• EXERCISE REQUIREMENTS:
In the copy, keep every line below as it is and leave out the pictures.

• LISTED RECORDS:
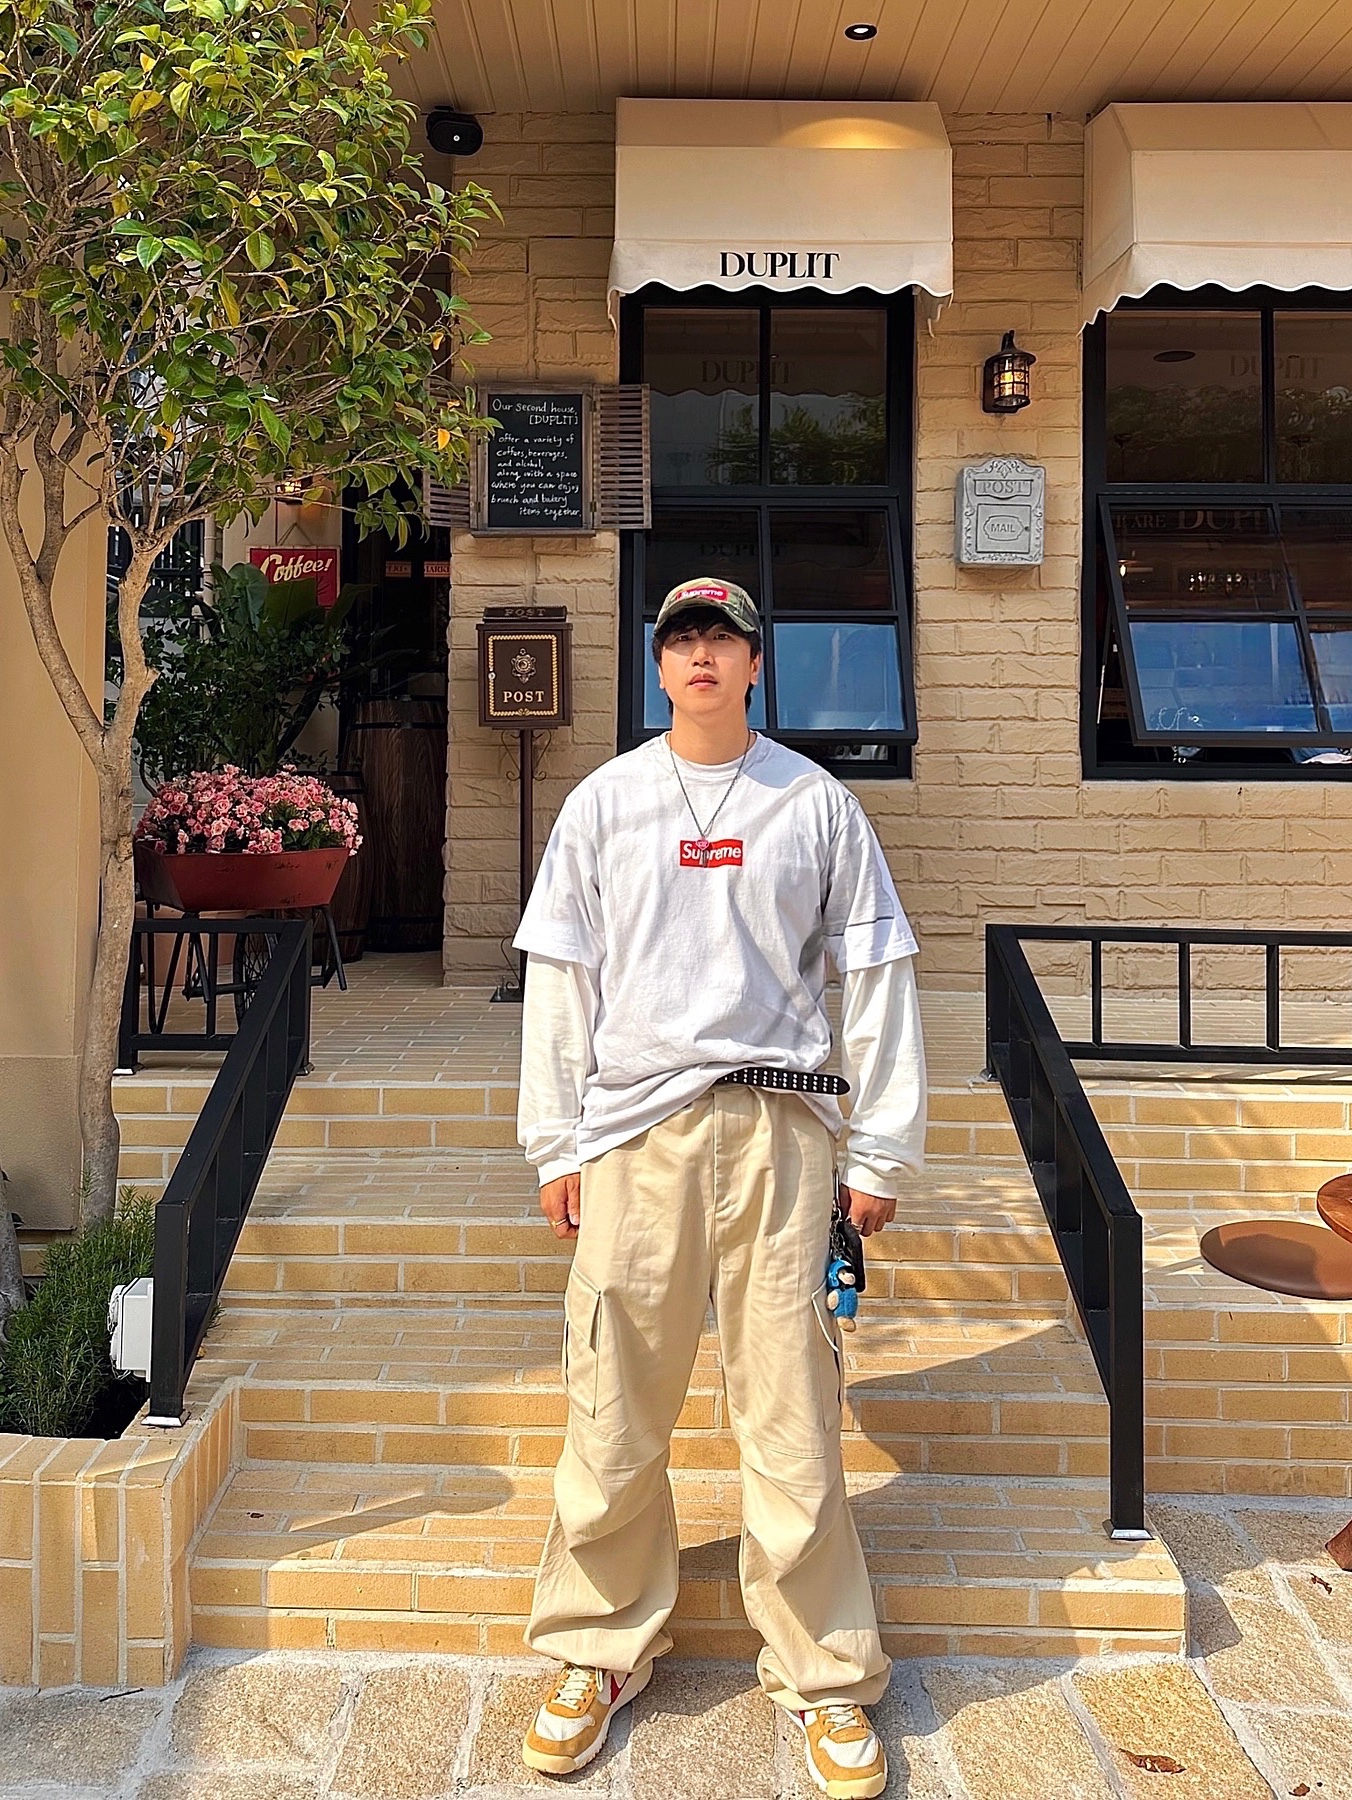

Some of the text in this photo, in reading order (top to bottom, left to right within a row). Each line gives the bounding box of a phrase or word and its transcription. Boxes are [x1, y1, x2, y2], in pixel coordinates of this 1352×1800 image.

[720, 252, 840, 279] DUPLIT
[492, 398, 513, 411] Our
[515, 401, 547, 412] second
[529, 414, 579, 426] [DUPLIT]
[498, 432, 521, 443] offer
[533, 435, 563, 448] variety
[565, 433, 575, 444] of
[497, 459, 512, 467] and
[496, 468, 521, 481] along
[556, 471, 578, 482] space
[491, 480, 517, 489] where
[519, 483, 535, 494] you
[557, 482, 579, 494] enjoy
[982, 481, 1027, 494] POST
[490, 493, 568, 508] brunch and bakery
[519, 507, 541, 516] items
[990, 523, 1016, 533] MAIL
[260, 553, 333, 583] Coffee!
[681, 589, 724, 598] Supreme
[503, 608, 547, 616] POST
[502, 690, 545, 702] POST
[681, 842, 742, 865] Supreme
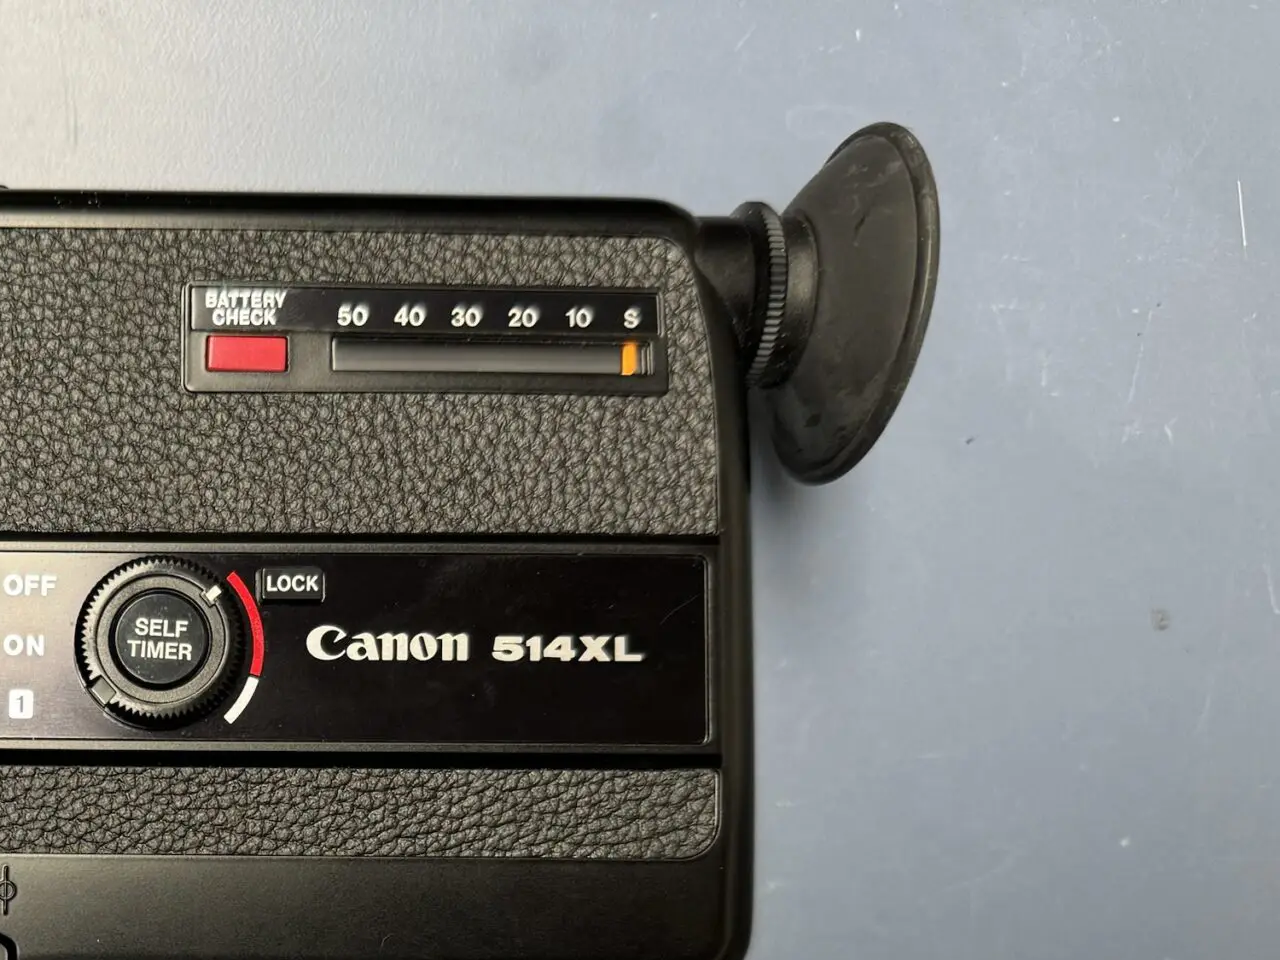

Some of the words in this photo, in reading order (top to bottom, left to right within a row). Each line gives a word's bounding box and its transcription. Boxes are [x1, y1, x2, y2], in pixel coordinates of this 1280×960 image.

[205, 287, 287, 309] BATTERY
[212, 308, 276, 326] CHECK
[337, 304, 369, 326] 50
[394, 305, 426, 327] 40
[451, 306, 483, 328] 30
[508, 307, 540, 328] 20
[565, 307, 594, 328] 10
[623, 308, 642, 329] S
[3, 574, 57, 597] OFF
[266, 575, 319, 593] LOCK
[134, 618, 188, 638] SELF
[3, 635, 45, 656] ON
[127, 640, 193, 661] TIMER
[306, 625, 469, 662] Canon
[492, 635, 644, 662] 514XL

• ANSWER BOX:
Some of the text in this photo, in reading order (top to bottom, left to right within a row). Each line gives the bounding box of a phrase or word and its transcription. Boxes are [x1, y1, x2, y2], in pixel coordinates of this 1352×1800 image.

[720, 252, 840, 279] DUPLIT
[492, 398, 513, 411] Our
[515, 401, 547, 412] second
[529, 414, 579, 426] [DUPLIT]
[498, 432, 521, 443] offer
[533, 435, 563, 448] variety
[565, 433, 575, 444] of
[497, 459, 512, 467] and
[496, 468, 521, 481] along
[556, 471, 578, 482] space
[491, 480, 517, 489] where
[519, 483, 535, 494] you
[557, 482, 579, 494] enjoy
[982, 481, 1027, 494] POST
[490, 493, 568, 508] brunch and bakery
[519, 507, 541, 516] items
[990, 523, 1016, 533] MAIL
[260, 553, 333, 583] Coffee!
[681, 589, 724, 598] Supreme
[503, 608, 547, 616] POST
[502, 690, 545, 702] POST
[681, 842, 742, 865] Supreme

Some of the words in this photo, in reading order (top to bottom, left to right within a row). Each line gives a word's bounding box and its transcription. Boxes are [x1, y1, x2, y2], in pixel coordinates of this 1280×960 image.

[205, 287, 287, 309] BATTERY
[212, 308, 276, 326] CHECK
[337, 304, 369, 326] 50
[394, 305, 426, 327] 40
[451, 306, 483, 328] 30
[508, 307, 540, 328] 20
[565, 307, 594, 328] 10
[623, 308, 642, 329] S
[3, 574, 57, 597] OFF
[266, 575, 319, 593] LOCK
[134, 618, 188, 638] SELF
[3, 635, 45, 656] ON
[127, 640, 193, 661] TIMER
[306, 625, 469, 662] Canon
[492, 635, 644, 662] 514XL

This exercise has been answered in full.